WORK TO COMPLETE:
Write the records out again in full, word for word.

--- GIVEN DATA ---

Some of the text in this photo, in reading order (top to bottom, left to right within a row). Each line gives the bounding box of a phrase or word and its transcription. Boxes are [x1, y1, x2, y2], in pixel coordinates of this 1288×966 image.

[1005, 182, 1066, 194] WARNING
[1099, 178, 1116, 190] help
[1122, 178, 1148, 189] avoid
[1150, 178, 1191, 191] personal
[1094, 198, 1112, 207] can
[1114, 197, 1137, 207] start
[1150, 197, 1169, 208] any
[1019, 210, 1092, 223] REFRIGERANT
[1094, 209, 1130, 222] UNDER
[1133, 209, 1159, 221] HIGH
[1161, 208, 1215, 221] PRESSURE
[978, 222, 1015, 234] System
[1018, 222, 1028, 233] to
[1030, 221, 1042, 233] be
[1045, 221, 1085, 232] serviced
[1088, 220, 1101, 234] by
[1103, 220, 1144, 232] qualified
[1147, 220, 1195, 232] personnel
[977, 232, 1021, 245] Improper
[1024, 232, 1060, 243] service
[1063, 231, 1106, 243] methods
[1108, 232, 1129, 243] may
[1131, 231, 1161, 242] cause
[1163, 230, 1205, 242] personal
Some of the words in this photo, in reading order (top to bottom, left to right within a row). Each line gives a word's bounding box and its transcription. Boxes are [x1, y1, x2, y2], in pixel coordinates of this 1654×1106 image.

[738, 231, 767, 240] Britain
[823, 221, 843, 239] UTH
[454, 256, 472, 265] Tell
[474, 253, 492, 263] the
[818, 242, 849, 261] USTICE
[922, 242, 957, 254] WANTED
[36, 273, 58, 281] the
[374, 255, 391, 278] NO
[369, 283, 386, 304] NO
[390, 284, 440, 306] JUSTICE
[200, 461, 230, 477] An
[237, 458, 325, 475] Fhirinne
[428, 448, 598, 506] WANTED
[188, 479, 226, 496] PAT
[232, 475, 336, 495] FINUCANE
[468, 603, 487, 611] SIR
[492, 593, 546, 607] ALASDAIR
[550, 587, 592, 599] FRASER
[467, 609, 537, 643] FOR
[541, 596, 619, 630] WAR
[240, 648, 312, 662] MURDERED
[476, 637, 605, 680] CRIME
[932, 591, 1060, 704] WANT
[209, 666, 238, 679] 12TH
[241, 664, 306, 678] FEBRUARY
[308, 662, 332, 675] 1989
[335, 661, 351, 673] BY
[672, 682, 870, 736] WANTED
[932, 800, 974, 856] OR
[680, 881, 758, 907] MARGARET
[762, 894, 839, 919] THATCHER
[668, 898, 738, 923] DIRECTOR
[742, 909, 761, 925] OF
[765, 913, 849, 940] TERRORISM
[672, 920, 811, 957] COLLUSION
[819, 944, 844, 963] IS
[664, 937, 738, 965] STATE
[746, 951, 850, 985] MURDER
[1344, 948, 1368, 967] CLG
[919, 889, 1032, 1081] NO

---

SOLUTION TO THE EXERCISE:
Some of the text in this photo, in reading order (top to bottom, left to right within a row). Each line gives the bounding box of a phrase or word and its transcription. Boxes are [x1, y1, x2, y2], in pixel coordinates of this 1288×966 image.

[1005, 182, 1066, 194] WARNING
[1099, 178, 1116, 190] help
[1122, 178, 1148, 189] avoid
[1150, 178, 1191, 191] personal
[1094, 198, 1112, 207] can
[1114, 197, 1137, 207] start
[1150, 197, 1169, 208] any
[1019, 210, 1092, 223] REFRIGERANT
[1094, 209, 1130, 222] UNDER
[1133, 209, 1159, 221] HIGH
[1161, 208, 1215, 221] PRESSURE
[978, 222, 1015, 234] System
[1018, 222, 1028, 233] to
[1030, 221, 1042, 233] be
[1045, 221, 1085, 232] serviced
[1088, 220, 1101, 234] by
[1103, 220, 1144, 232] qualified
[1147, 220, 1195, 232] personnel
[977, 232, 1021, 245] Improper
[1024, 232, 1060, 243] service
[1063, 231, 1106, 243] methods
[1108, 232, 1129, 243] may
[1131, 231, 1161, 242] cause
[1163, 230, 1205, 242] personal
Some of the words in this photo, in reading order (top to bottom, left to right within a row). Each line gives a word's bounding box and its transcription. Boxes are [x1, y1, x2, y2], in pixel coordinates of this 1654×1106 image.

[738, 231, 767, 240] Britain
[823, 221, 843, 239] UTH
[454, 256, 472, 265] Tell
[474, 253, 492, 263] the
[818, 242, 849, 261] USTICE
[922, 242, 957, 254] WANTED
[36, 273, 58, 281] the
[374, 255, 391, 278] NO
[369, 283, 386, 304] NO
[390, 284, 440, 306] JUSTICE
[200, 461, 230, 477] An
[237, 458, 325, 475] Fhirinne
[428, 448, 598, 506] WANTED
[188, 479, 226, 496] PAT
[232, 475, 336, 495] FINUCANE
[468, 603, 487, 611] SIR
[492, 593, 546, 607] ALASDAIR
[550, 587, 592, 599] FRASER
[467, 609, 537, 643] FOR
[541, 596, 619, 630] WAR
[240, 648, 312, 662] MURDERED
[476, 637, 605, 680] CRIME
[932, 591, 1060, 704] WANT
[209, 666, 238, 679] 12TH
[241, 664, 306, 678] FEBRUARY
[308, 662, 332, 675] 1989
[335, 661, 351, 673] BY
[672, 682, 870, 736] WANTED
[932, 800, 974, 856] OR
[680, 881, 758, 907] MARGARET
[762, 894, 839, 919] THATCHER
[668, 898, 738, 923] DIRECTOR
[742, 909, 761, 925] OF
[765, 913, 849, 940] TERRORISM
[672, 920, 811, 957] COLLUSION
[819, 944, 844, 963] IS
[664, 937, 738, 965] STATE
[746, 951, 850, 985] MURDER
[1344, 948, 1368, 967] CLG
[919, 889, 1032, 1081] NO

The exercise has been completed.